Mais, très vite, on s’aperçoit qu’aux considérations du traducteur se superposent celles du critique littéraire. Si dans la seconde partie de sa ‘Dissertation’, beaucoup moins longue, l’auteur s’attache à élucider le lecteur, comme on vient de voir, sur les justifications d’ordre théorique en ce qui concerne les changements opérés du point de vue de la versification, dans la première partie, il veut surtout rendre compte, à l’adresse d’un public qu’on se doit d’instruire, des caractéristiques de la tragédie classique française.[9] Il nous présente sa ‘Dissertation’ en ces termes:

Pour l’instruction de ceux qui ne connaissent pas les lois du théâtre, et pour satisfaire certains commentaires d’érudits, faits sur la constitution de cette Fable, sur les coutumes de ses Acteurs, ou sur divers autres points, on publie cette dissertation dont les fondements nous enseignent les indispensables lois de la Poésie Tragique; et puisque, entre nous, on n’a pas l’habitude de nous instruire à ce sujet, il nous semble que ce discours, extrait de divers auteurs français, sera bénéfique pour certains.[10]

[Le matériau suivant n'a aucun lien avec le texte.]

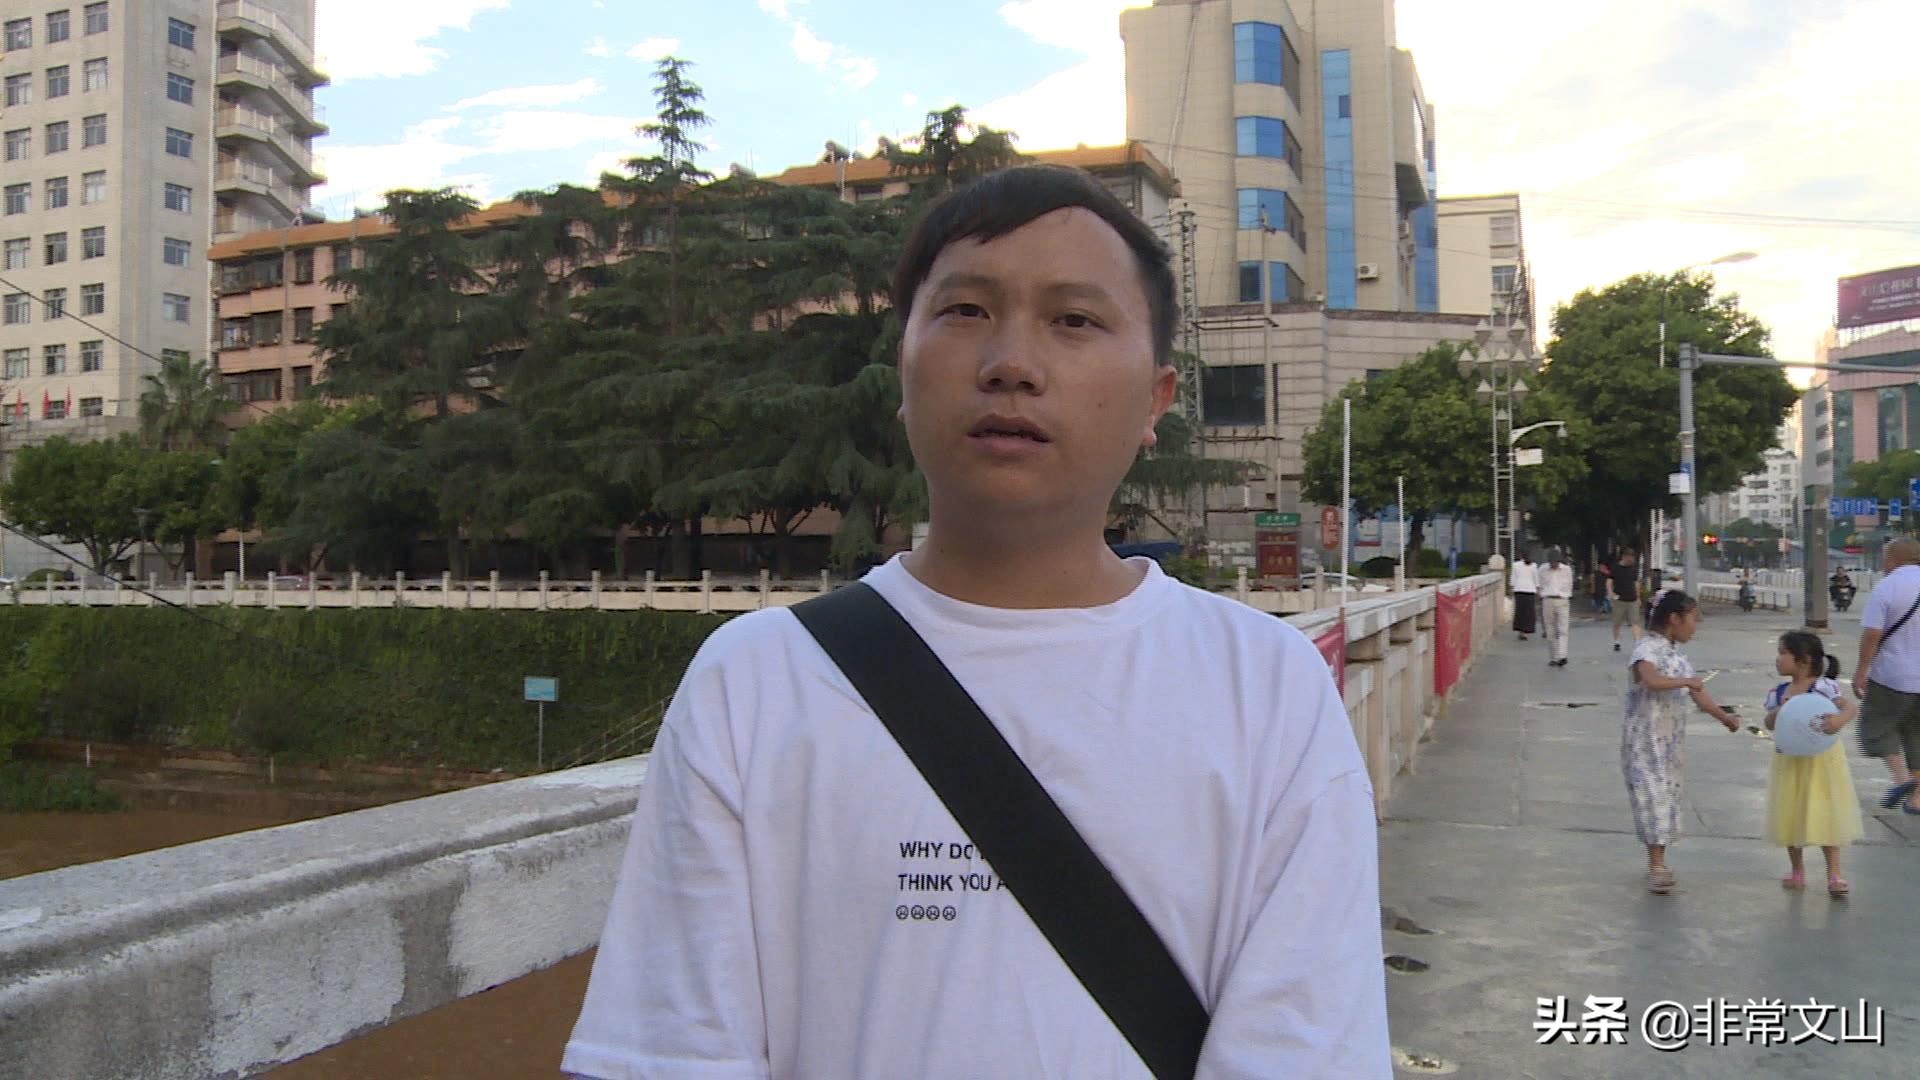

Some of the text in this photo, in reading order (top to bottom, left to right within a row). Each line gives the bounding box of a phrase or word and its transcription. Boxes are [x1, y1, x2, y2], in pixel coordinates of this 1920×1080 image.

Dans une apologie du théâtre classique français et de ses règles telles que la fameuse règle des trois unités, celle de la vraisemblance, l’effet du catharsis et la théorie des passions, entre autres, Cândido Lusitano finit bien par mettre en évidence l’art de Racine qui se traduit, selon lui, par la simplicité de l’action dramatique ainsi que par la spécificité des caractères des personnages raciniens:

Comme sur cette matière, on nous a donné bien des règles stériles, frivoles et inutiles, j’affirme que pour organiser et bien édifier une tragédie, il suffit de bien connaître la nature et la force des passions qu’on veut exciter; déterminer sa bienséance, la façon dont elles se juxtaposent et se combinent avec la contingence des choses externes ou avec les idées de la Providence. De ces passions, et de ses impulsions, ses fins, ses conseils, doit-on former un tout et l’unir, non pas selon les lois des choses nécessaires, mais selon les choses contingentes; pour cela, il n’est pas nécessaire de choisir le plus vraisemblable, et probable, comme nous demande l’Histoire; mais il suffit cette vraisemblance qui se dispose à produire l’instruction et l’émerveillement dans l’âme des spectateurs et tout cela dans un degré non pas ordinaire, mais excellent et sublime. Avec cet art a édifié Monsieur Racine son illustre Tragédie; et le meilleur moyen de montrer cette vérité, c’est d’exposer, un à un, chacun des cinq actes. (Lusitano, op. cit.)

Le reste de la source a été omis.